Weinbergschule in Hochheim erweitert – Schulfest zu Übergabe

(jol/mtk) – Die Erweiterung der Weinbergschule in Hochheim ist fertig. Wie Landrat Michael Cyriax mitteilt, wurde das Gebäude im Rahmen eines großen Schulfestes übergeben. Wegen der „anspruchsvollen historischen Umgebung“ habe das Projekt eine besonders intensive Zusammenarbeit von Kreis, Stadt und Schule erfordert, so der Landrat: „Jetzt aber hat die Schule allen Grund zum Feiern, dass das Vorhaben zum glücklichen Abschluss gebracht wurde.“ Als Investitionskosten für das Vorhaben hatte der Kreis 9,9 Millionen Euro veranschlagt.

Hintergrund der Erweiterung waren steigende Schülerzahlen und der Eintritt der Schule in den „Pakt für den Nachmittag“ mit höherem Bedarf an Betreuungsplätzen, erläutert der Schuldezernent, Kreisbeigeordneter Axel Fink: „Für die Weinbergschüler ist das ein Tag der Freude. Sie lernen ohnehin in einer der besten Lagen von kreiseigenen Schulen und haben jetzt auch genügend Platz für die kommenden Jahre.“ Derzeit wird die Schule von fast 390 Kindern besucht.
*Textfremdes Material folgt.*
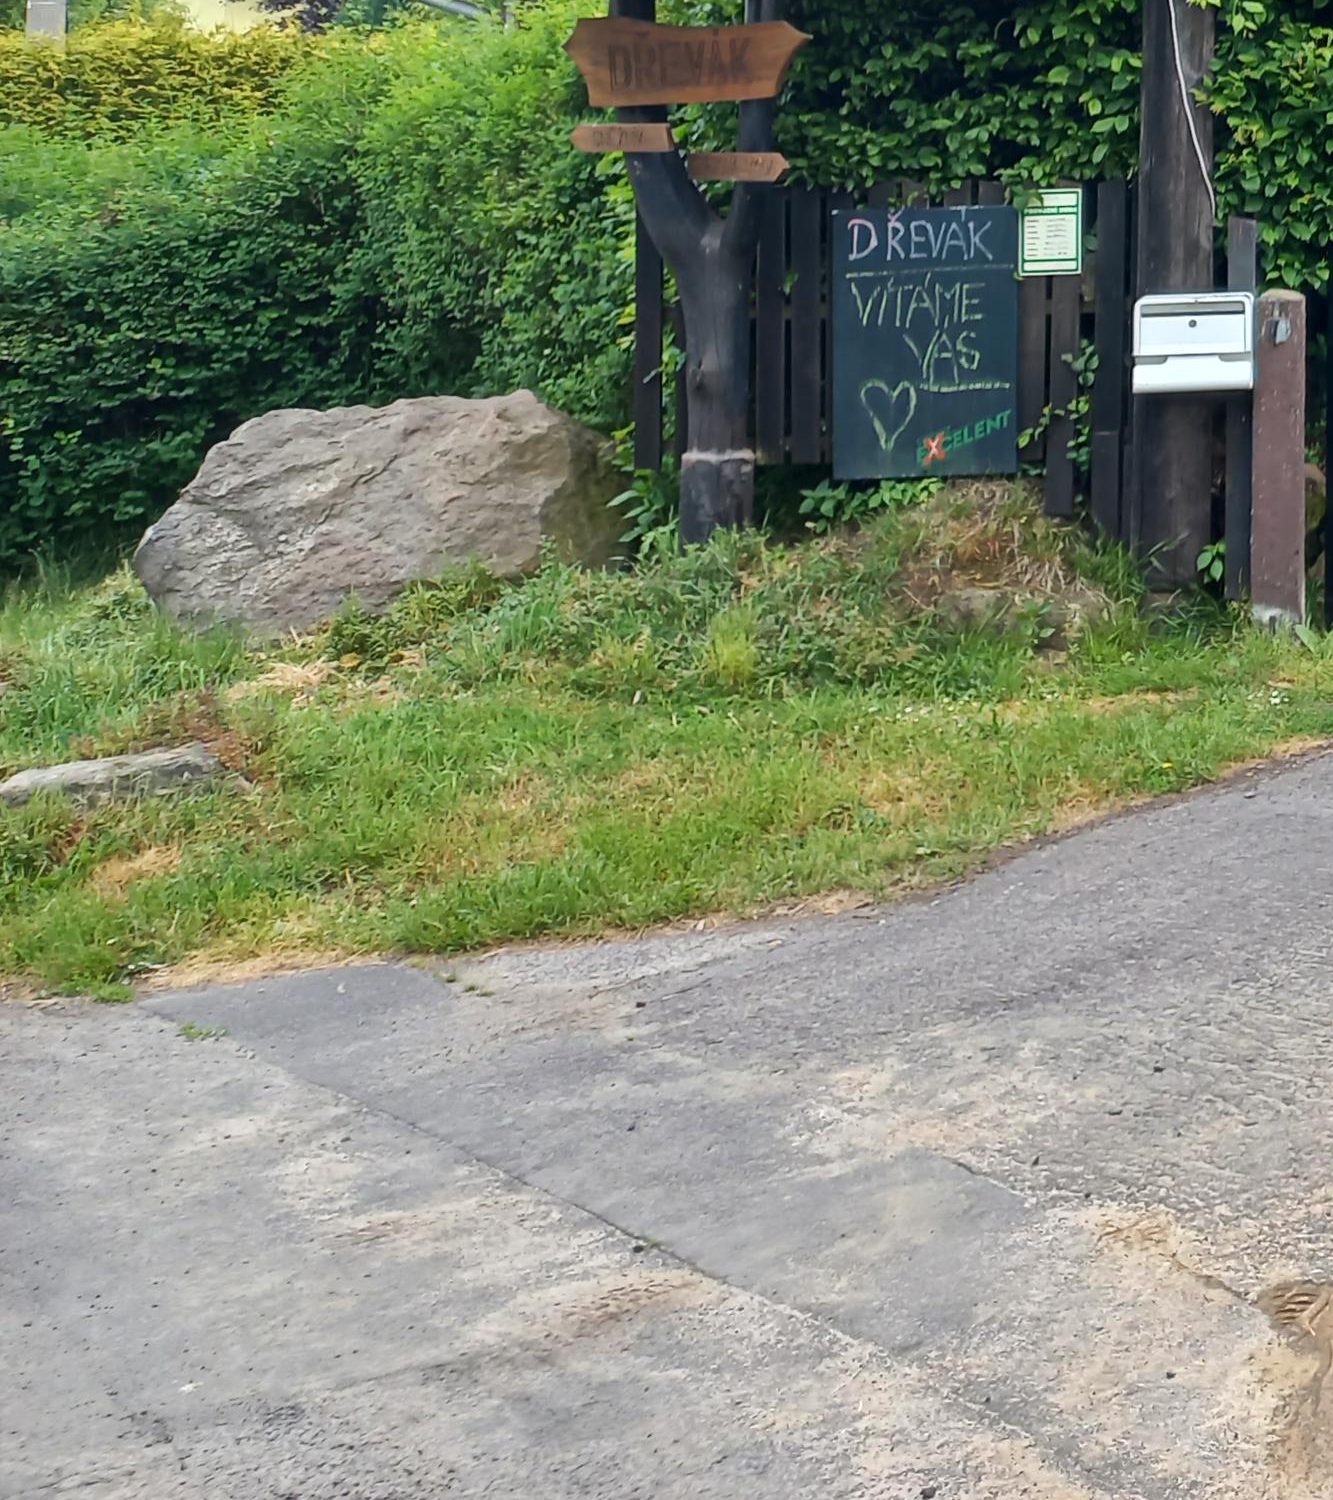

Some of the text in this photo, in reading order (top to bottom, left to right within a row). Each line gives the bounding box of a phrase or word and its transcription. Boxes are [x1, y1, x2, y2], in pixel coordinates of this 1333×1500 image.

[848, 206, 993, 261] DŘEVÁK
[851, 271, 986, 328] VÍTÁME
[903, 315, 980, 384] VÁS
[916, 408, 1012, 467] EXCELENT
Der Erweiterungsbau bietet den Angaben zufolge eine Küche, eine Mensa, zwei Klassen- und zwei Betreuungsräume, außerdem Fachräume. Mit der Planung wurde 2017 begonnen. Um die Bauarbeiten zu ermöglichen, musste 2018 zunächst eine Baustraße über Gelände der Stadt angelegt werden. Während der Bauzeit wurden mobile Räume aufgestellt, um die Betreuung und teilweise Klassen der Schule unterzubringen.

Bei diesem Vorhaben wie auch der Gesamtplanung habe der Kreis intensiv mit der Schule, der Stadt und dem Denkmalschutz zusammengearbeitet, so Cyriax. Schließlich sollte sich das Gebäude gut in die historische Umgebung des Geländes einfügen. Außerdem sollte sich der Erweiterungsbau nahtlos zwischen den Altbau der Schule und die bestehende Sporthalle eingliedern.

Bilder: Das eine zeigt eine Impression vom Schulfest, das andere Kreisbeigeordneten Axel Fink im Beisein der Stadtverordnetenvorsteherin Claudia Weltin (2.v.r.) und Bürgermeister Westedt (v.r.) bei einem Gruß an die Schülerinnen und Schüler

Bildnachweis: Main-Taunus-Kreis

1 Antwort

  1. Martin sagt:

    Ein großes Dankeschön an die Betreuer die über 4 Jahre in getrennten Räumlichkeiten, in Containern und in einem beengten Schulhof arbeiten mussten.

    DANKE

    Das ist nicht selbstverständlich.